Trip: Tuesday evening to Friday.
Schedule:
- Tuesday: arrival, hotel
- Wednesday: meeting at HQ, lunch offered, dinner with their team, hotel
- Thursday: finalize partnership, lunch paid by you, free afternoon shopping, hotel
- Friday: return
Usually deductible:
- Transport to Paris + local transport (hotel ↔ offices)
- Hotel nights (Tue/Wed/Thu)
- Meals tied to business travel (your lunches/dinners), including the client meal you paid
- Parking, tolls, business travel incidentals
Not deductible:
- Clothes and shoes bought during free time
- Any leisure activities
What to add to your documentation:
- Save emails inviting you + agenda
- On meal receipts: write “Meeting with Brand team – partnership negotiation”
- Tag all expenses to a project: “Paris – Brand partnership”
Even if you don’t land the client, the trip can still be business-related—as long as the intent and actions were genuine and documented (prospecting is a real business activity).
Mixed trips (part business, part personal): how to allocate costs
Mixed-purpose trips are common: a conference plus a weekend, or meetings in a city where you stay longer. The cleanest approach is:
- Separate what you can separate, and
- Allocate what you can’t, based on a reasonable rule (usually days).
Rule of thumb: allocate by business days vs. private days
If your trip is 7 days and only 4 are business, you typically:
- Deduct costs that are strictly business (conference fee, taxi to client)
- Allocate shared costs (accommodation, some transport) in a reasonable way
- Exclude purely private add-ons (tourism, leisure, extra nights)

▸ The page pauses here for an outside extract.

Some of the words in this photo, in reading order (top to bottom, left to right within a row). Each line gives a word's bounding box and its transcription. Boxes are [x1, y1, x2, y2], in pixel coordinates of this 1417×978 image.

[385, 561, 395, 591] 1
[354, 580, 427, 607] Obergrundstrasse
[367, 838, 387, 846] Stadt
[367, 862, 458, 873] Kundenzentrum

Example 1: conference + add-on weekend
You attend a 3-day conference (Thu–Sat) and stay until Monday to sightsee.
Often deductible:
- Conference ticket
- Hotel Thu–Sat nights (if aligned with conference days; check your exact schedule)
- Local transport to the venue
- Meals during the conference days
Usually not deductible:
- Extra Sunday/Monday hotel nights for leisure
- Tourist activities
Transport (flight/train):
This is the trickiest item. If the flight cost doesn’t materially change by staying an extra day, some businesses treat the main transport as business—others allocate. The safer approach is to document why the itinerary was necessary and be conservative if the “holiday extension” is the real driver.

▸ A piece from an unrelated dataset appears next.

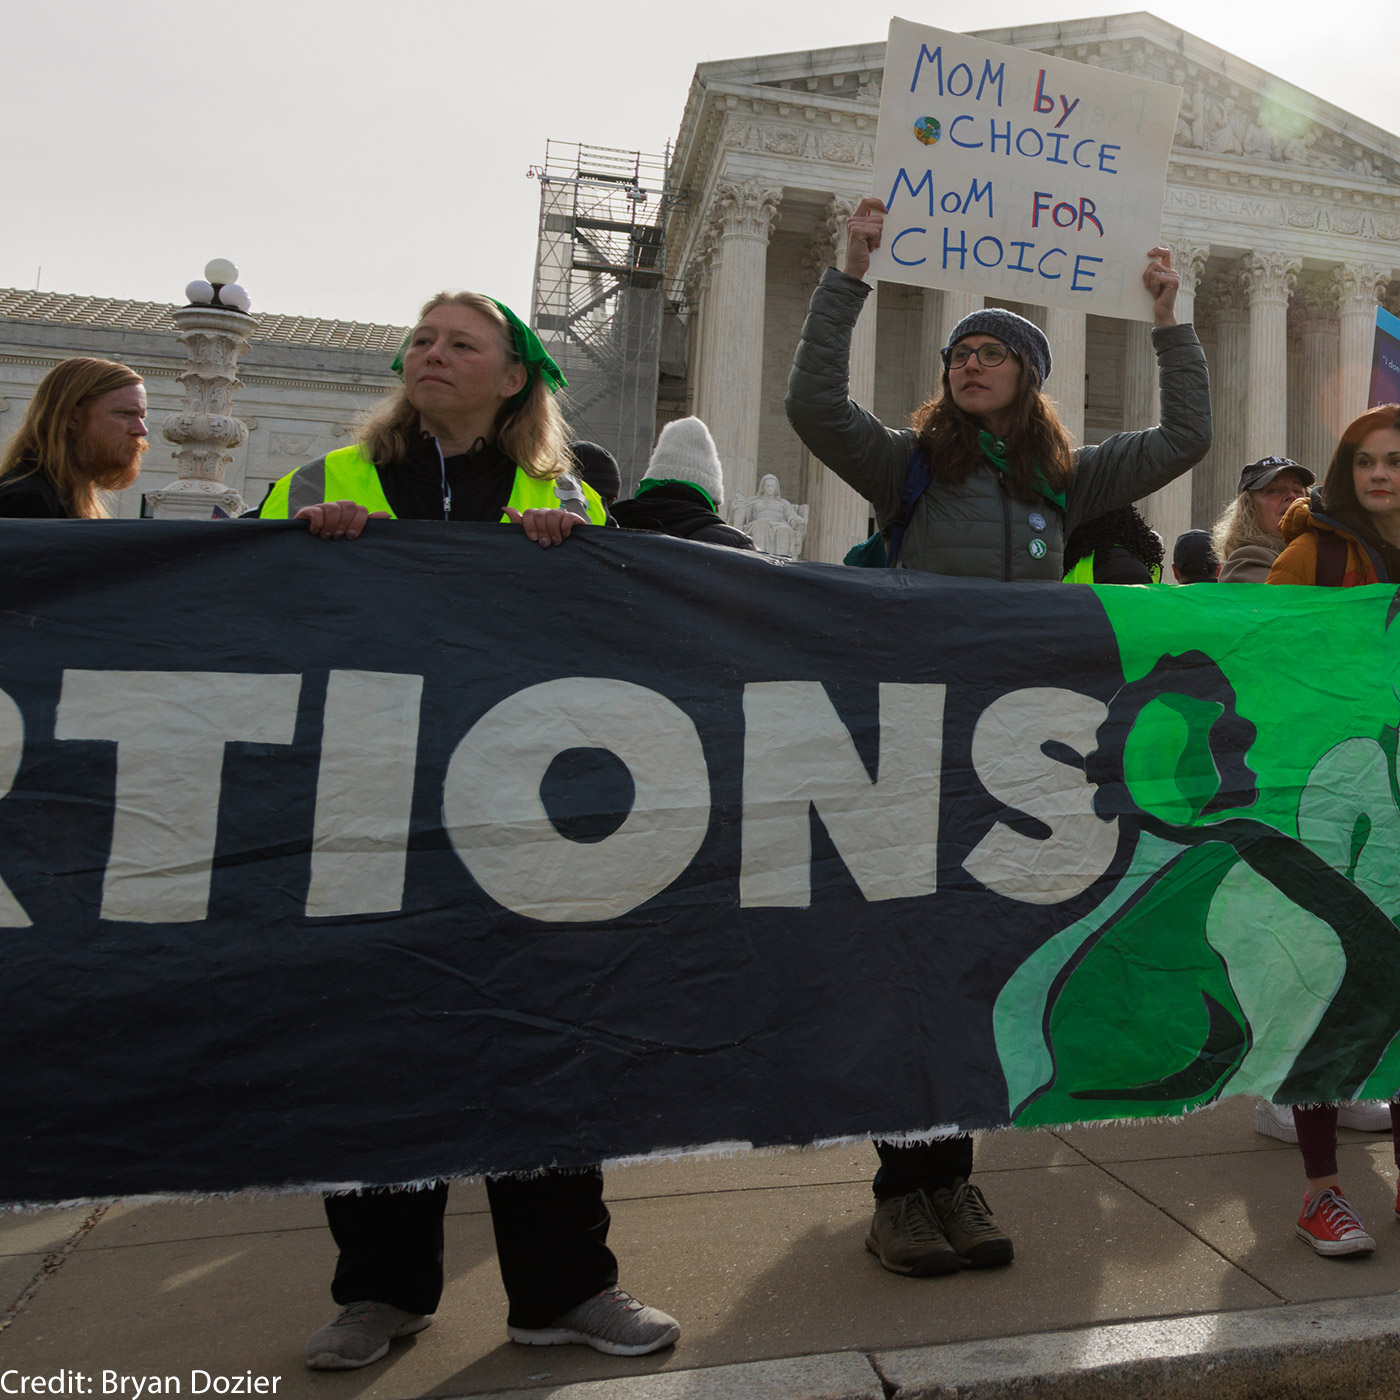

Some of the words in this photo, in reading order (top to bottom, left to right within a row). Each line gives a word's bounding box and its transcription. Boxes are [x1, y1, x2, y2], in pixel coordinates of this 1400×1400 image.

Example 2: client visit + remote work days + leisure
You visit a client for 2 days, then work remotely from the same city for 3 days, then take 2 days off.
You should be ready to show:
- Which days were client-facing
- Which days were actually workdays (deliverables, meetings, invoices, project tasks)
- Which days were private (exclude those costs)
Example 3: spouse/partner accompanies you
If your partner joins your business trip:
- Their flight, meals, and activities are generally private and not deductible.
- If they have a real business role (e.g., employee/contractor with a defined function on the trip), you need strong documentation: role, tasks, and why their presence was necessary.
What proof should you keep? (Audit-ready checklist)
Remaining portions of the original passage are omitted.